[[ Exercise inputs, beginning ]]

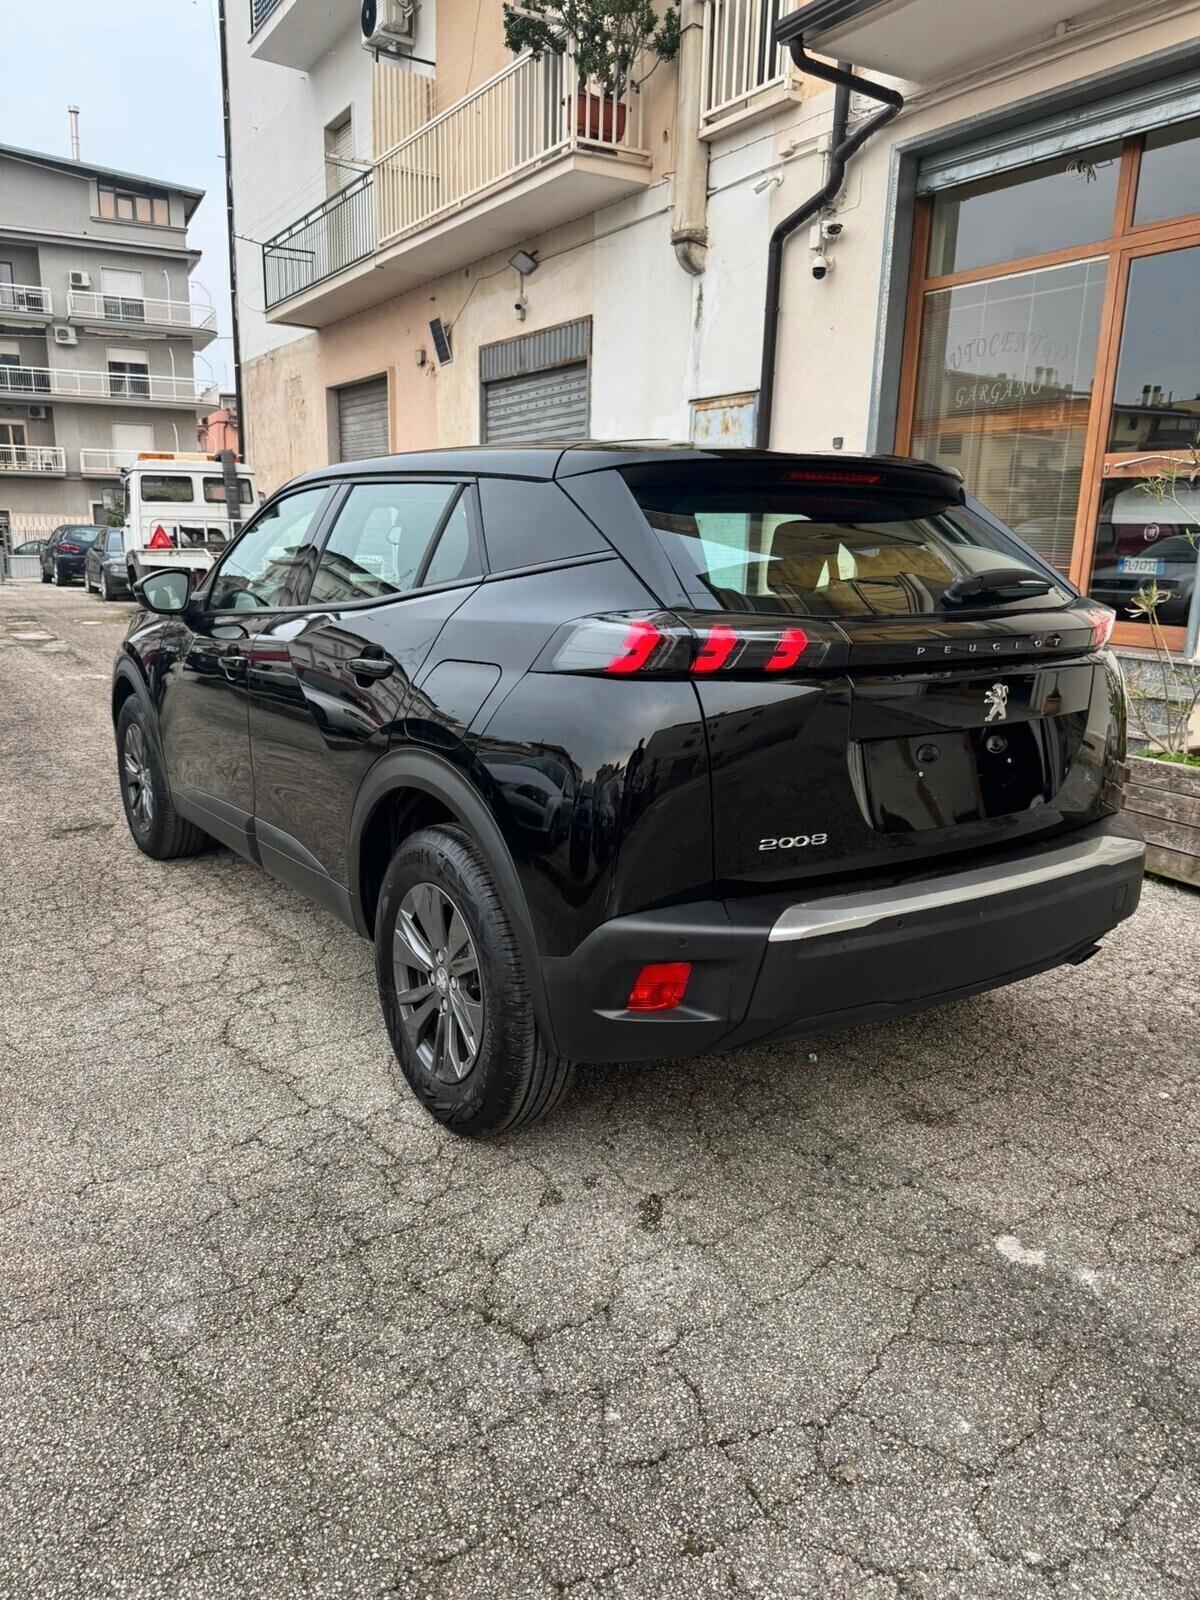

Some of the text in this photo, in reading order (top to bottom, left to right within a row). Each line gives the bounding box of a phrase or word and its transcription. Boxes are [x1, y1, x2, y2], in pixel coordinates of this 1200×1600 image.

[954, 380, 1043, 409] GARGANO
[916, 637, 1061, 656] PEUGEOT
[758, 833, 828, 851] 2008
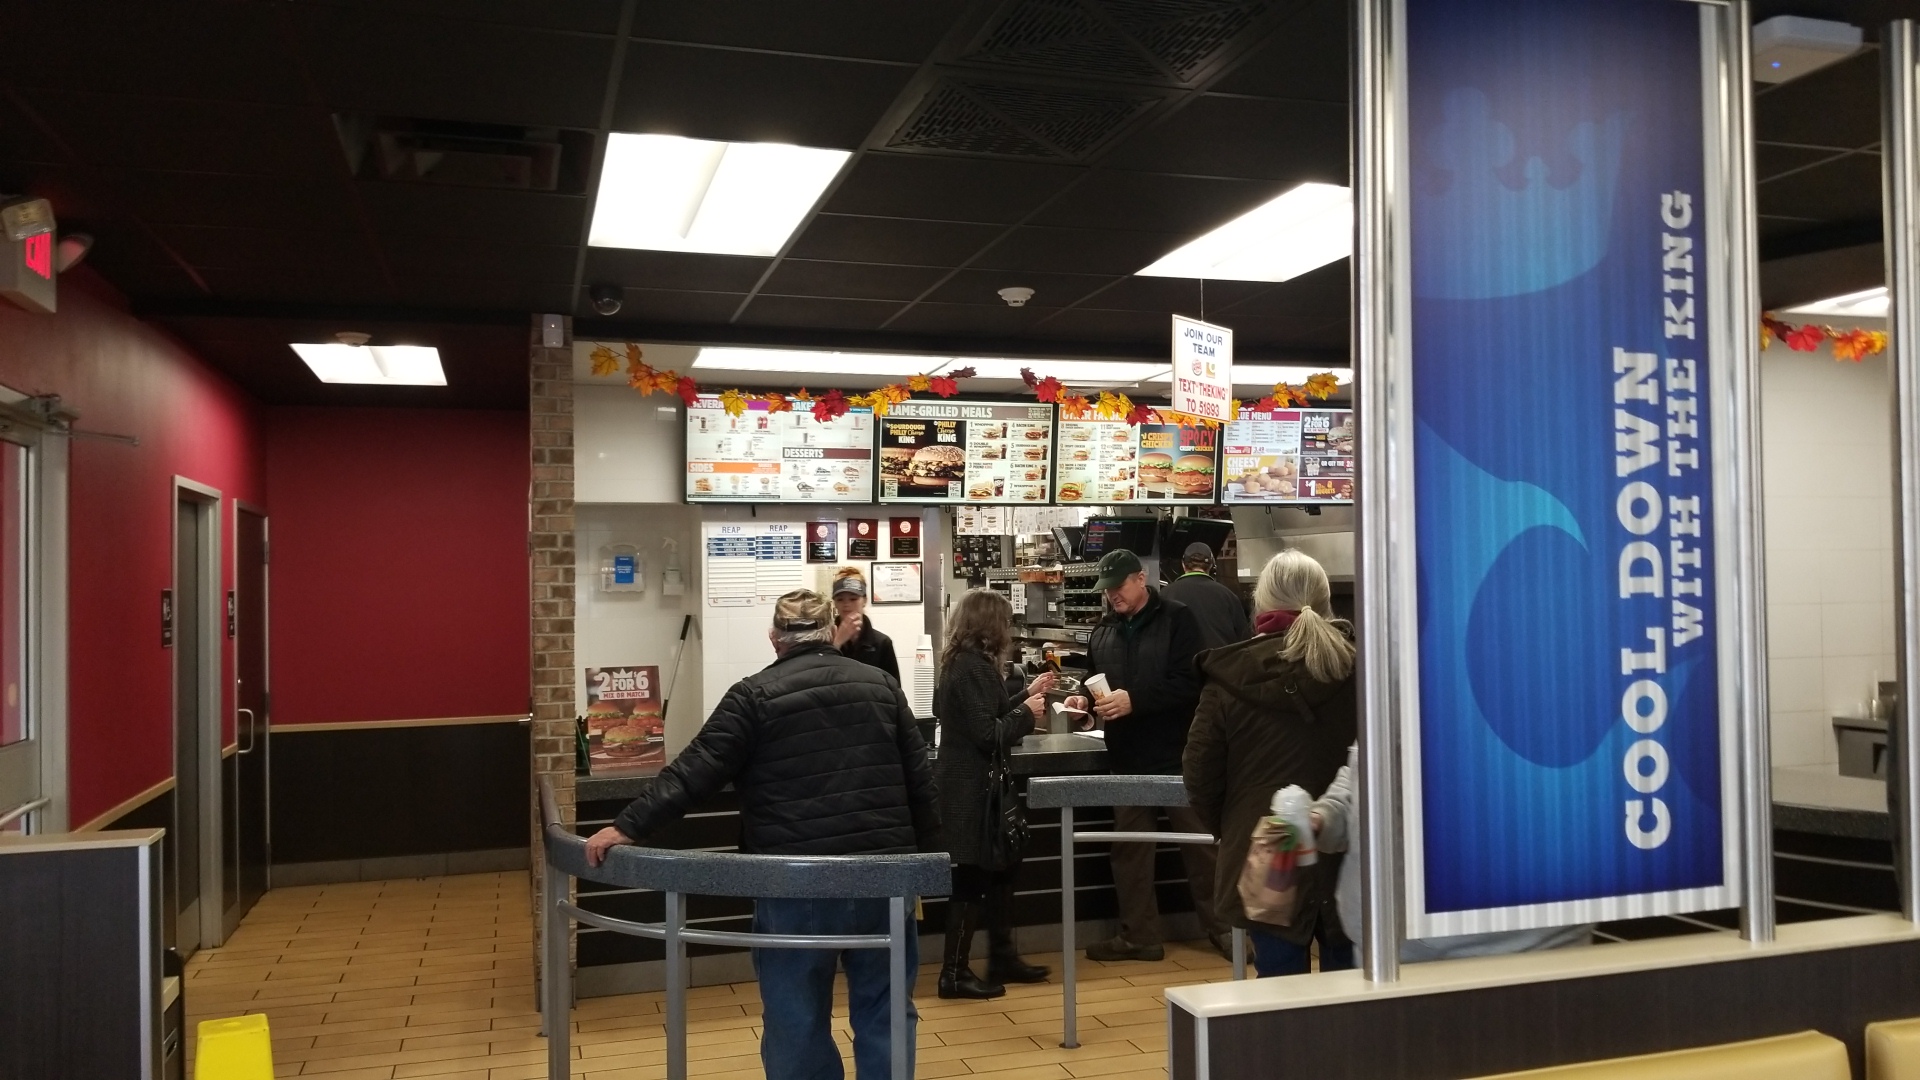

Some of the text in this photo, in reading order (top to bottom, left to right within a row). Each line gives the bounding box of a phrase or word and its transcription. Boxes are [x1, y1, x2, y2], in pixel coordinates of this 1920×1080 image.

[[ Exercise inputs, end ]]

Return each line above word for word. Skip the pictures.

Task response>
Some of the text in this photo, in reading order (top to bottom, left to right within a row). Each line gives the bounding box of a phrase or word and its transcription. Boxes are [x1, y1, x2, y2], in pixel coordinates of this 1200×1600 image.

[954, 380, 1043, 409] GARGANO
[916, 637, 1061, 656] PEUGEOT
[758, 833, 828, 851] 2008

Some of the text in this photo, in reading order (top to bottom, left to right within a row). Each line gives the bounding box of a phrase or word and its transcription. Boxes are [x1, y1, x2, y2], in pixel coordinates of this 1920×1080 image.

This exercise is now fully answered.